A,B,C,D| Evolution of the manipulandum vertical position (A|), fingertip forces (grip force, in blue, and load force, in black, B|), slip margins (grip force to load force ratio, in black, and friction limit at the load force peak, in red, C|) and stick ratio (D|) as a function of time during a typical experimental block. The oscillations are delimited with vertical lines at the times of positive velocity peaks. E,F| Evolution of the strain rate tensors, shown as three heatmaps for e_xx, e_yy, and e_xy (E|), and the strain rate norm (normalized by the 90th percentile, F|) as a function of time during a typical oscillation. The sketch of the finger on the left shows the orientation of the finger with respect to the heatmaps (strains are shown as if viewed through the finger). The red parts are negative and show compression, and the blue parts are positive and show stretch. Consecutive heat maps are separated by 100 ms.

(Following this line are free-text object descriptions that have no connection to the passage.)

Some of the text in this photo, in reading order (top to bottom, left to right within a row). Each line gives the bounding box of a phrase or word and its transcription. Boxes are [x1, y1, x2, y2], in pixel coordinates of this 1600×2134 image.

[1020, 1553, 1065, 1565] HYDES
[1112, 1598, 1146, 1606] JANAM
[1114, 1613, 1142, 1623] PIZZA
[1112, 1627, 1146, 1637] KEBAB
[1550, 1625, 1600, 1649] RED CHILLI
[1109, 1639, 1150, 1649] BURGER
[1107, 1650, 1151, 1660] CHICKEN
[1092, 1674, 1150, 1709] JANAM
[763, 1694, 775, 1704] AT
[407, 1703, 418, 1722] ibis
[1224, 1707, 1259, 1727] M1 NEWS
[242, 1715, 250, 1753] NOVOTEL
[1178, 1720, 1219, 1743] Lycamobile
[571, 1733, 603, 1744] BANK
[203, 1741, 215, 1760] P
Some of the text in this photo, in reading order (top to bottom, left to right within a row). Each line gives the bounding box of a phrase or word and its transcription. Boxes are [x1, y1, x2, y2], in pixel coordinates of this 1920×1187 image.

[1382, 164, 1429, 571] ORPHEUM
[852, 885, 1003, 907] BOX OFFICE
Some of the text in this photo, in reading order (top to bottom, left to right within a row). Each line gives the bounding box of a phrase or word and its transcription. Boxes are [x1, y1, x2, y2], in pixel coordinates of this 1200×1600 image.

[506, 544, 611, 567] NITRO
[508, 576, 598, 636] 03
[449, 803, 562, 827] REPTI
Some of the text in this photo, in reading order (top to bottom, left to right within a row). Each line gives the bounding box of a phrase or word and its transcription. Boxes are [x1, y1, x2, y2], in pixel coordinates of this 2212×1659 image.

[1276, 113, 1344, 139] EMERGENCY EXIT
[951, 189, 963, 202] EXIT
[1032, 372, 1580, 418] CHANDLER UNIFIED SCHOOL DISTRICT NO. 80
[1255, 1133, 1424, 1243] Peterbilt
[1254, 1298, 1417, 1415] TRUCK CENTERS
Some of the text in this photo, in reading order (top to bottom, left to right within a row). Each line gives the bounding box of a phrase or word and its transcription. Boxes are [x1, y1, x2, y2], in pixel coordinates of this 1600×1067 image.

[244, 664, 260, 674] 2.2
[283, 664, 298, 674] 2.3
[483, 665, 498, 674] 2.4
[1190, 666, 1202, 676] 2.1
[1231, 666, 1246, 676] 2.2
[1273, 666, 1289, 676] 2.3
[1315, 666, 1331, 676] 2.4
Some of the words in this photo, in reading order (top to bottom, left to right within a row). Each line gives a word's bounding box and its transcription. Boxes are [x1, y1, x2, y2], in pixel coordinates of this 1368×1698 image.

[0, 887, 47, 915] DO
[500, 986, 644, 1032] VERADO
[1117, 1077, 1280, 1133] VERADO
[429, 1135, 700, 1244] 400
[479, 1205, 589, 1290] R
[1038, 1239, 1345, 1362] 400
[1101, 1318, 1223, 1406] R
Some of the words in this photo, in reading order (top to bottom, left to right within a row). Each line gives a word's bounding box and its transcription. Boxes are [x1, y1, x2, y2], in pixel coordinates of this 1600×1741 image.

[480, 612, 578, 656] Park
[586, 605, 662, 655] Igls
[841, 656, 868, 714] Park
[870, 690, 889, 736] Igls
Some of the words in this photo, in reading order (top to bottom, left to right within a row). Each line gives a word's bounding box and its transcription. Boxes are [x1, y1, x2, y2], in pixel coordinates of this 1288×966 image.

Forces and strain patterns during oscillations
Since all signals followed a stereotyped pattern for each oscillation, we looked at the averaged evolution of the traces during all oscillations (Figure 4). The GF, LF, and SR patterns follow the behavior described earlier (Fig 4A-B, see also Figure 3). That is, the maximum GF and the minimum SR were observed on average at the time of the maximum LF. We also looked at the vertical displacement of the center of pressure (COP, Fig 4C), which is mainly caused by a redistribution of the pressure inside the contact area and the rolling of the finger. We observed that the COP moved significantly downward during the first half of the oscillation and upward during the second half of the oscillation. Even though each oscillation showed a slightly different pattern of deformation and widely different levels of minimum SR across subjects (see below), the general shape follows a trend that is expected from previous work (Delhaye et al 2016). The strain rate amplitude, as measured by the 90th percentile of the strain rate norm across the entire contact, typically followed a trajectory similar to the variation of LF, or LF rate. Fig 4E shows the averaged pattern of strain rate during one oscillation for a typical subject. Since the central stuck zone is pulled up by the glass during the upper part of the trajectory (and pulled down during the lower part of the trajectory), the vertical strains (e_yy) were tensile in the lower regions of the contact area and compressive in the upper region of the contact area (Fig 4E). As a consequence of the elastic properties of the skin, horizontal strains (e_xx) appeared following the same pattern as the vertical ones, except that they were tensile where the vertical strains were compressive and vice versa. They were also smaller in amplitude. Finally, shear strains were substantial on the proximal (left) and distal (right) parts of the contact area. The norm of the strain rate (e_n) shows the areas of the skin where the strains are the largest, irrespective of the direction of the strains. It can be observed from those that a wave of strains progresses from the exterior of the contact area towards its center as the stick ratio decreases. In Figure 3, the wave of strains doesn’t reach the center of the fingertip as the stick ratio doesn’t reach zero.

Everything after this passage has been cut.